A fome dos miseráveis, fomes que vão além da fome,

vazio que não sustenta, mas que o corpo

inexplicavelmente suporta, vence, agüenta.

Pai,

não lligue se acaso lembrei de ti no meu frio,

que era o mais frio de todos os frios, calafrio e solidão !

Implorei a mão aquecida, mão amiga,

sem entender todas as mãos que cruzaram

estendidas, o meu caminho.

Corpos esparramados pelo chão da madrugada muda,

úmida, gelada, indiferente às preces

e aos sonhos daquela gente.

O peito nu, o corpo nu, a alma completamente nua meu Pai !

Milhares de olhos congelados a espera de um milagre teu e de um carinho meu,

como se o sol pudesse invadir a noite, acendendo a cidade meio que morta, luz no breu.

Não meu Pai, não!

Esqueça a dor que eu te passava.

Dor insana, companheira que maltratava, dor doída,

carne viva, sangue e ferida !

Minha dor não me fez sentir a dor dos mutilados,

dos quase mortos e de todos os desesperados,

doentes da vida, na fila da morte, a única saída.
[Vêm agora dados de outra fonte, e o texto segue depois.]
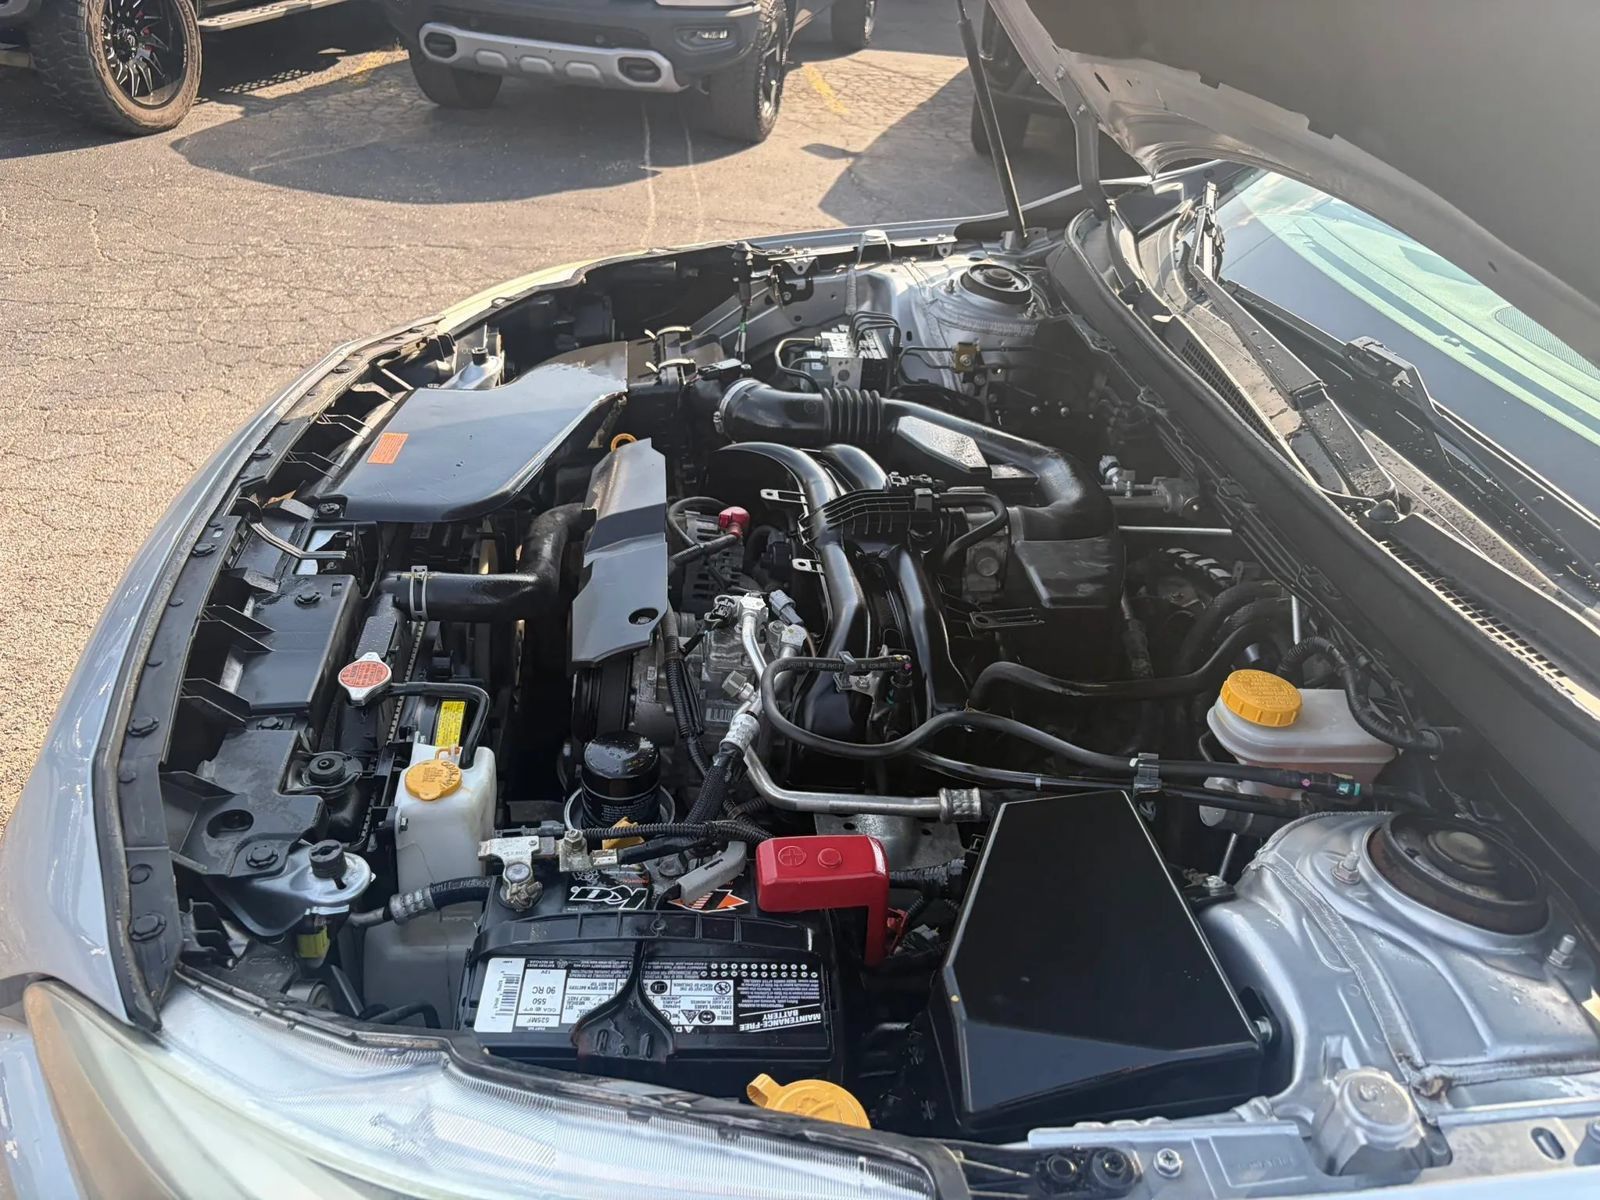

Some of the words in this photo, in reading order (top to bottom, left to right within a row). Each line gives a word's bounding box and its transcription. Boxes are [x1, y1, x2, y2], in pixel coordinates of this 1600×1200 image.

[532, 986, 544, 994] RC
[762, 1010, 799, 1020] BATTERY
[739, 1013, 821, 1031] MAINTENANCE-FREE
A dor da perda, da ausência de espaço,

no vazio onde repousa a falta de um pedaço.

Da cegueira infinita, das bocas cansadas,

no silêncio de nem conseguir te pedir nada.

Meu Pai,

eu hoje quero que não olhe por mim.

Amparado em meio a uma culpa medonha,

que é de tristeza e de vergonha,

atordoado, te contemplo do alto deste chão frio e dolorido.

Olhar perdido...estrela na imensidão !

E se um pedido só me for concedido, ó Pai,

rogo por este cego arrependido,

uma gota magnífica do teu perdão.

(Reedição)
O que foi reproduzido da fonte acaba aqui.